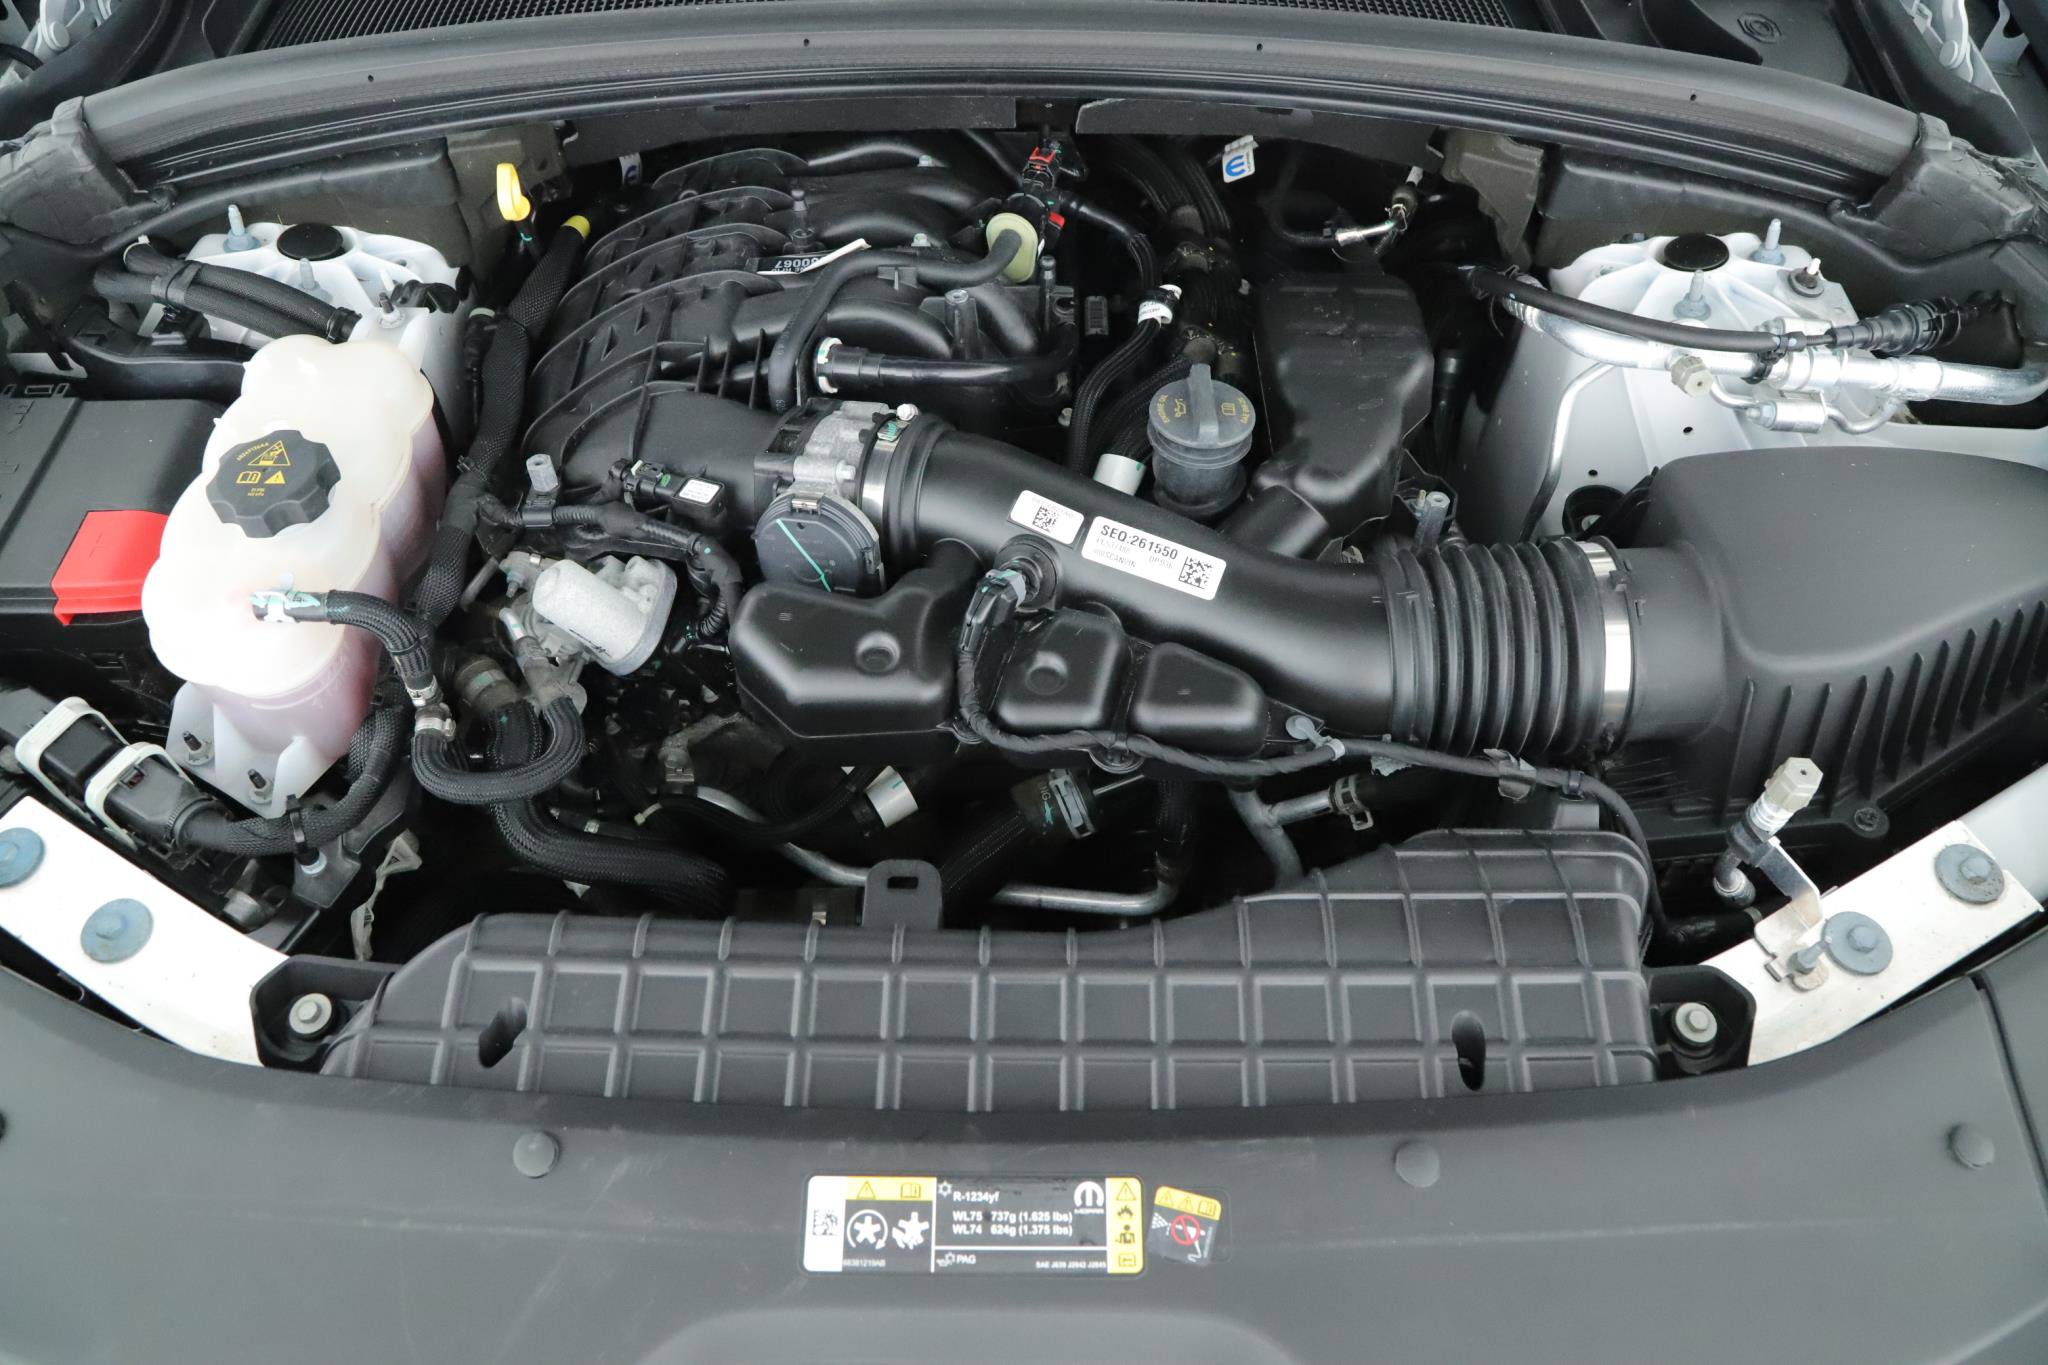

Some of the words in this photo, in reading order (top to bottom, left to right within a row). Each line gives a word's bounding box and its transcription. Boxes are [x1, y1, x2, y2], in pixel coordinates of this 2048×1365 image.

[953, 1190, 1000, 1204] R-1234yf
[952, 1210, 983, 1221] WL75
[991, 1211, 1017, 1224] 737g
[1019, 1211, 1051, 1223] (1.625
[1052, 1211, 1073, 1223] lbs)
[952, 1224, 983, 1235] WL74
[990, 1224, 1017, 1237] 624g
[1018, 1224, 1051, 1237] (1.375
[1052, 1224, 1073, 1237] lbs)
[956, 1255, 977, 1265] PAG

+--

### ACTION ITEM
Skipping the images, write out the whole listing exactly.

### ANSWER SPACE
Some of the words in this photo, in reading order (top to bottom, left to right within a row). Each line gives a word's bounding box and its transcription. Boxes are [x1, y1, x2, y2], in pixel coordinates of this 2048×1365 image.

[953, 1190, 1000, 1204] R-1234yf
[952, 1210, 983, 1221] WL75
[991, 1211, 1017, 1224] 737g
[1019, 1211, 1051, 1223] (1.625
[1052, 1211, 1073, 1223] lbs)
[952, 1224, 983, 1235] WL74
[990, 1224, 1017, 1237] 624g
[1018, 1224, 1051, 1237] (1.375
[1052, 1224, 1073, 1237] lbs)
[956, 1255, 977, 1265] PAG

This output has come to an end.